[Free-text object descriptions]
● ● ● ●

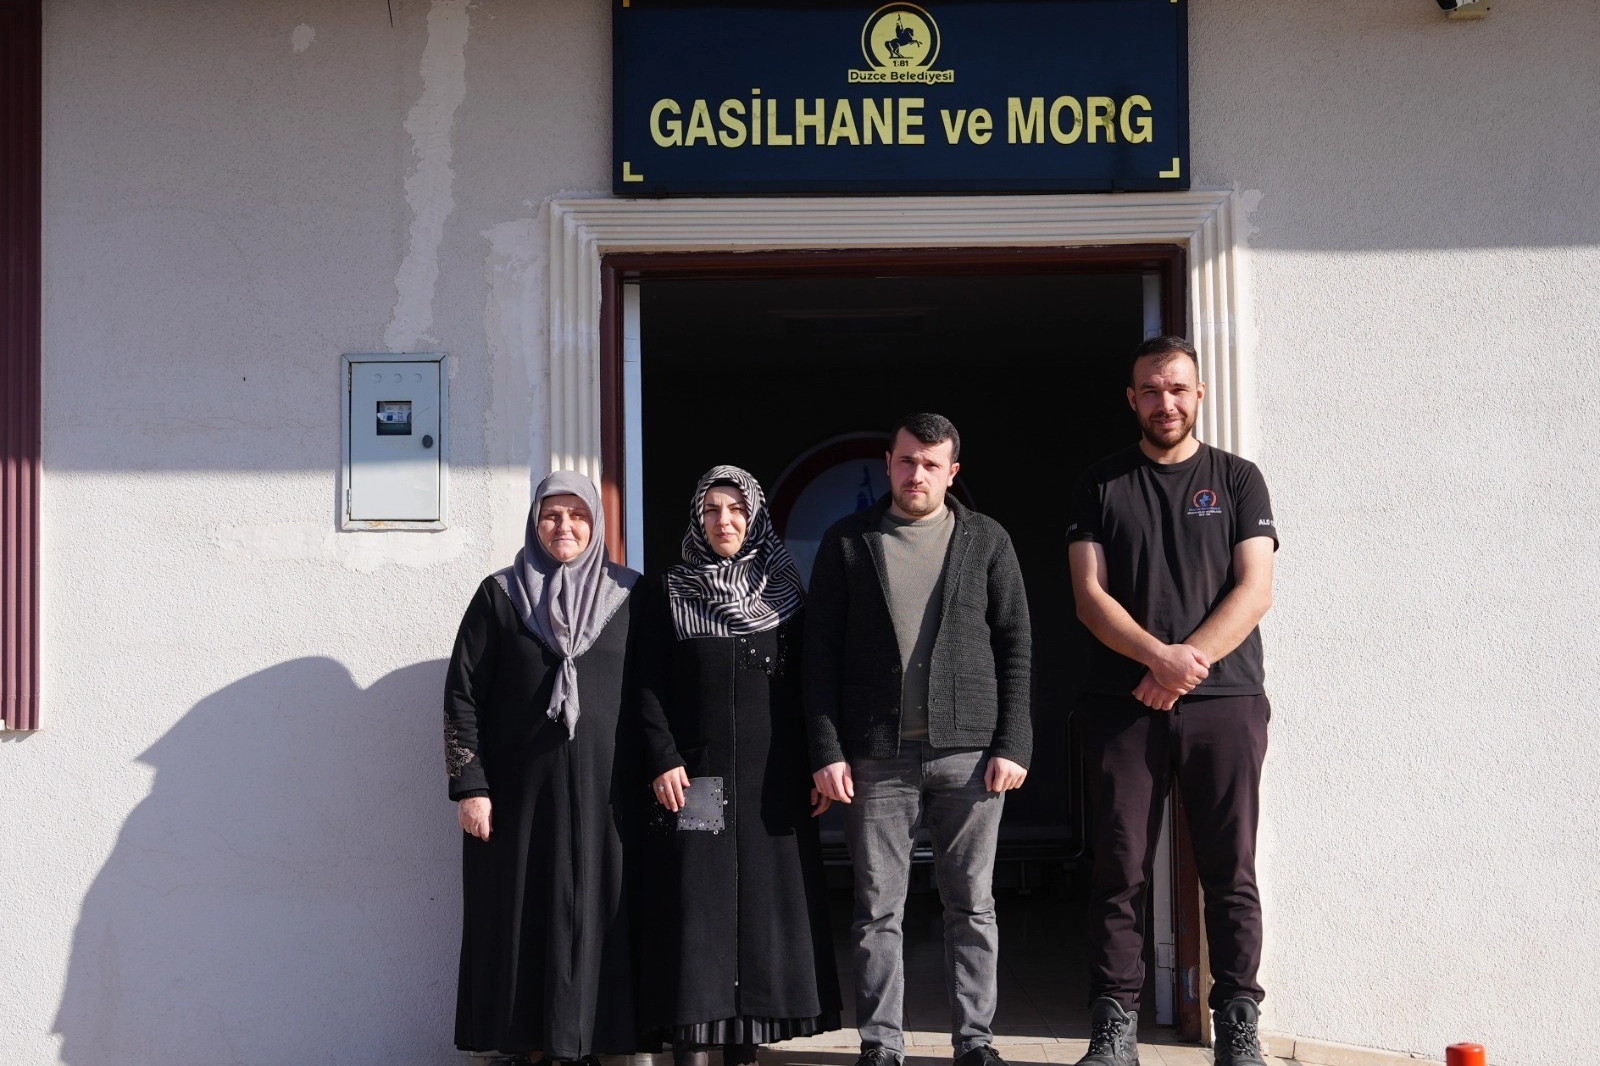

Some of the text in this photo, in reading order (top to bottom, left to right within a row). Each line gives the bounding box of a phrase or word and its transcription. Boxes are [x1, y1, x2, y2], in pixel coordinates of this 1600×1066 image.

[850, 71, 952, 83] Düzce Belediyesi
[649, 87, 1153, 148] GASİLHANE ve MORG
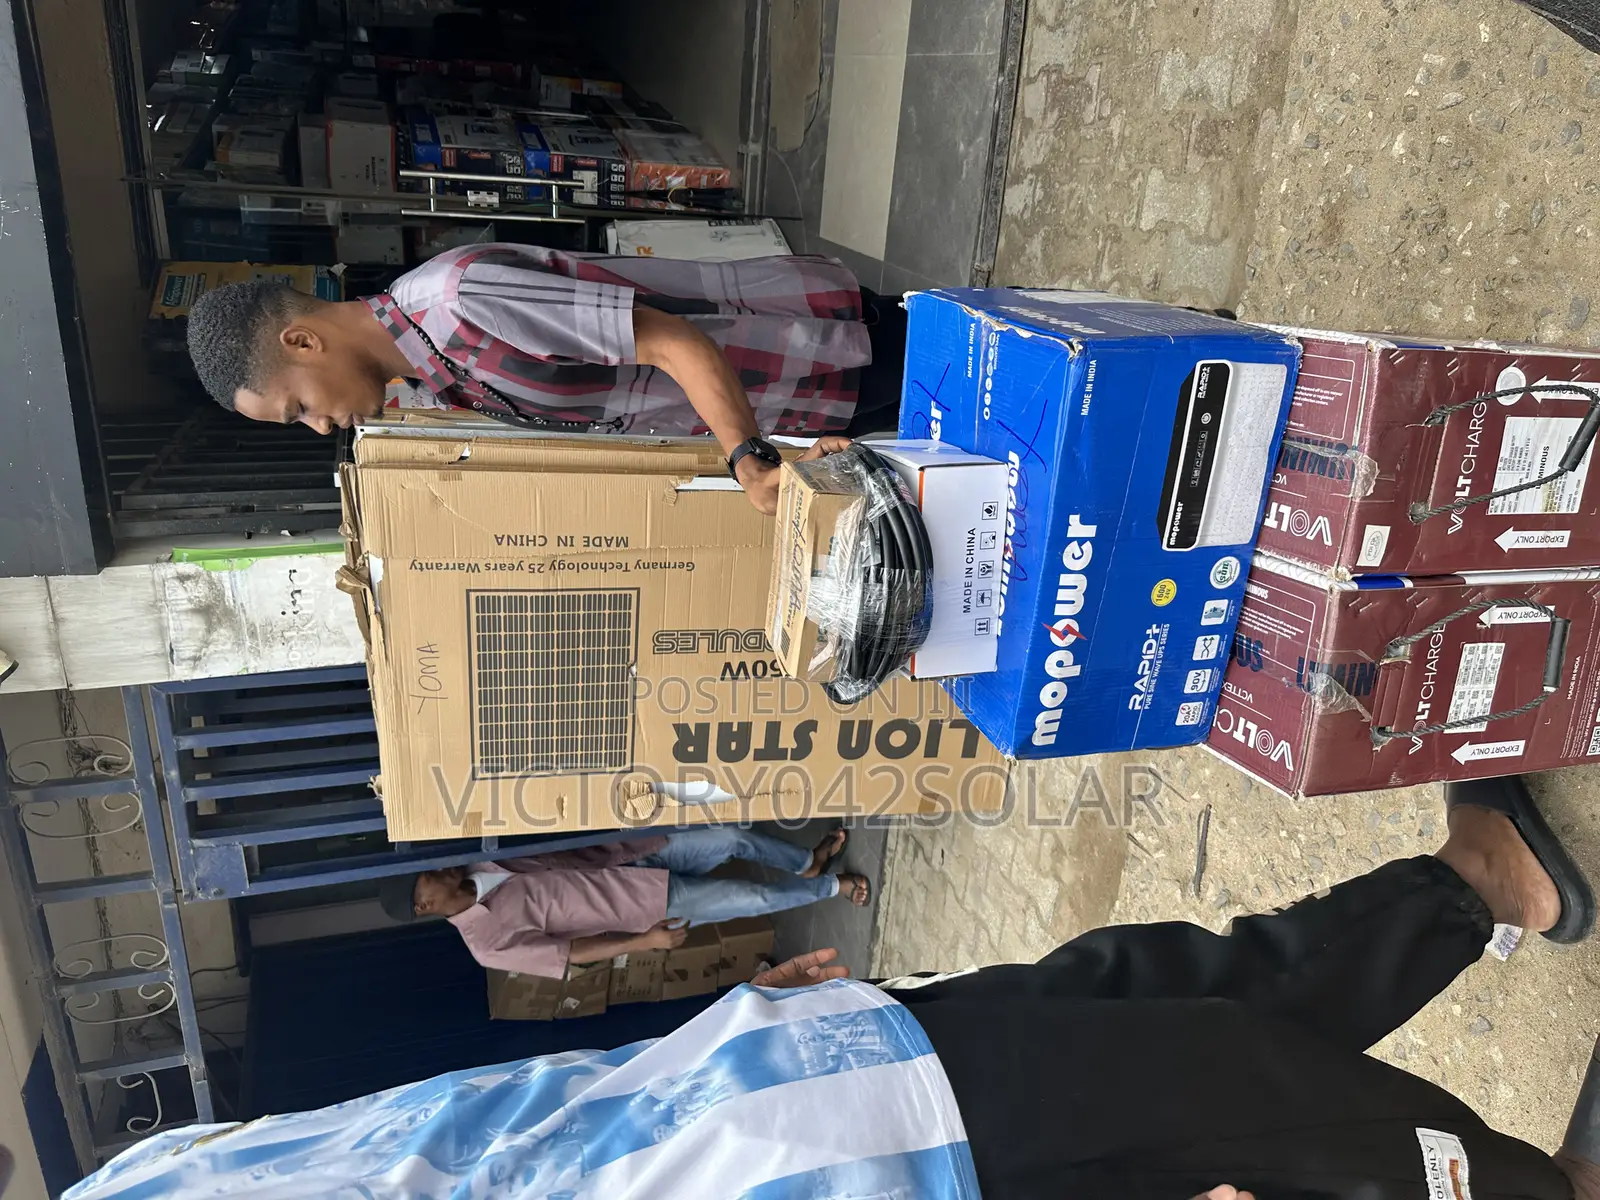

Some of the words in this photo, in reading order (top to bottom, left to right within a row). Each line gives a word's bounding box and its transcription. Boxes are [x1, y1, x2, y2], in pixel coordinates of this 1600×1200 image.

[968, 322, 976, 344] INDIA
[968, 345, 974, 354] IN
[1086, 359, 1097, 382] INDIA
[1084, 383, 1093, 392] IN
[1080, 393, 1091, 416] MADE
[930, 399, 942, 440] er
[1535, 445, 1550, 490] LMINOUS
[1272, 473, 1287, 485] VC
[1169, 501, 1184, 546] mopower
[493, 533, 549, 549] CHINA
[557, 534, 573, 549] IN
[581, 534, 629, 549] MADE
[964, 527, 976, 564] CHINA
[1515, 535, 1538, 544] ONLY
[1539, 535, 1565, 543] EXPORT
[409, 558, 481, 574] Warranty
[484, 558, 525, 572] years
[527, 562, 546, 574] 25
[550, 558, 630, 574] Technology
[635, 558, 696, 574] Germany
[963, 567, 974, 578] IN
[962, 581, 974, 614] MADE
[1156, 584, 1167, 603] 1600
[1497, 610, 1519, 618] ONLY
[1031, 513, 1098, 746] mopower
[1159, 623, 1170, 645] SERIES
[652, 628, 775, 655] DULES
[1156, 646, 1166, 659] UPS
[1128, 624, 1160, 710] RAPID+
[1152, 659, 1162, 678] WAVE
[1572, 655, 1581, 673] INDIA
[409, 640, 448, 714] YOMA
[1148, 678, 1158, 693] SINE
[1190, 672, 1201, 691] 90V
[1570, 673, 1577, 681] IN
[1567, 681, 1576, 700] MADE
[1143, 694, 1154, 710] PURE
[1190, 705, 1198, 722] RAPID
[671, 718, 819, 764] STAR
[837, 718, 980, 759] LION
[1471, 745, 1494, 754] ONLY
[1495, 744, 1520, 753] EXPORT
[1426, 1144, 1444, 1200] OLENLY

● ● ● ●

**Your task:** In your copy of the records above, include no pictures and match every line exactly.

**Your response:**
Some of the text in this photo, in reading order (top to bottom, left to right within a row). Each line gives the bounding box of a phrase or word and its transcription. Boxes are [x1, y1, x2, y2], in pixel coordinates of this 1600×1066 image.

[850, 71, 952, 83] Düzce Belediyesi
[649, 87, 1153, 148] GASİLHANE ve MORG

Some of the words in this photo, in reading order (top to bottom, left to right within a row). Each line gives a word's bounding box and its transcription. Boxes are [x1, y1, x2, y2], in pixel coordinates of this 1600×1200 image.

[968, 322, 976, 344] INDIA
[968, 345, 974, 354] IN
[1086, 359, 1097, 382] INDIA
[1084, 383, 1093, 392] IN
[1080, 393, 1091, 416] MADE
[930, 399, 942, 440] er
[1535, 445, 1550, 490] LMINOUS
[1272, 473, 1287, 485] VC
[1169, 501, 1184, 546] mopower
[493, 533, 549, 549] CHINA
[557, 534, 573, 549] IN
[581, 534, 629, 549] MADE
[964, 527, 976, 564] CHINA
[1515, 535, 1538, 544] ONLY
[1539, 535, 1565, 543] EXPORT
[409, 558, 481, 574] Warranty
[484, 558, 525, 572] years
[527, 562, 546, 574] 25
[550, 558, 630, 574] Technology
[635, 558, 696, 574] Germany
[963, 567, 974, 578] IN
[962, 581, 974, 614] MADE
[1156, 584, 1167, 603] 1600
[1497, 610, 1519, 618] ONLY
[1031, 513, 1098, 746] mopower
[1159, 623, 1170, 645] SERIES
[652, 628, 775, 655] DULES
[1156, 646, 1166, 659] UPS
[1128, 624, 1160, 710] RAPID+
[1152, 659, 1162, 678] WAVE
[1572, 655, 1581, 673] INDIA
[409, 640, 448, 714] YOMA
[1148, 678, 1158, 693] SINE
[1190, 672, 1201, 691] 90V
[1570, 673, 1577, 681] IN
[1567, 681, 1576, 700] MADE
[1143, 694, 1154, 710] PURE
[1190, 705, 1198, 722] RAPID
[671, 718, 819, 764] STAR
[837, 718, 980, 759] LION
[1471, 745, 1494, 754] ONLY
[1495, 744, 1520, 753] EXPORT
[1426, 1144, 1444, 1200] OLENLY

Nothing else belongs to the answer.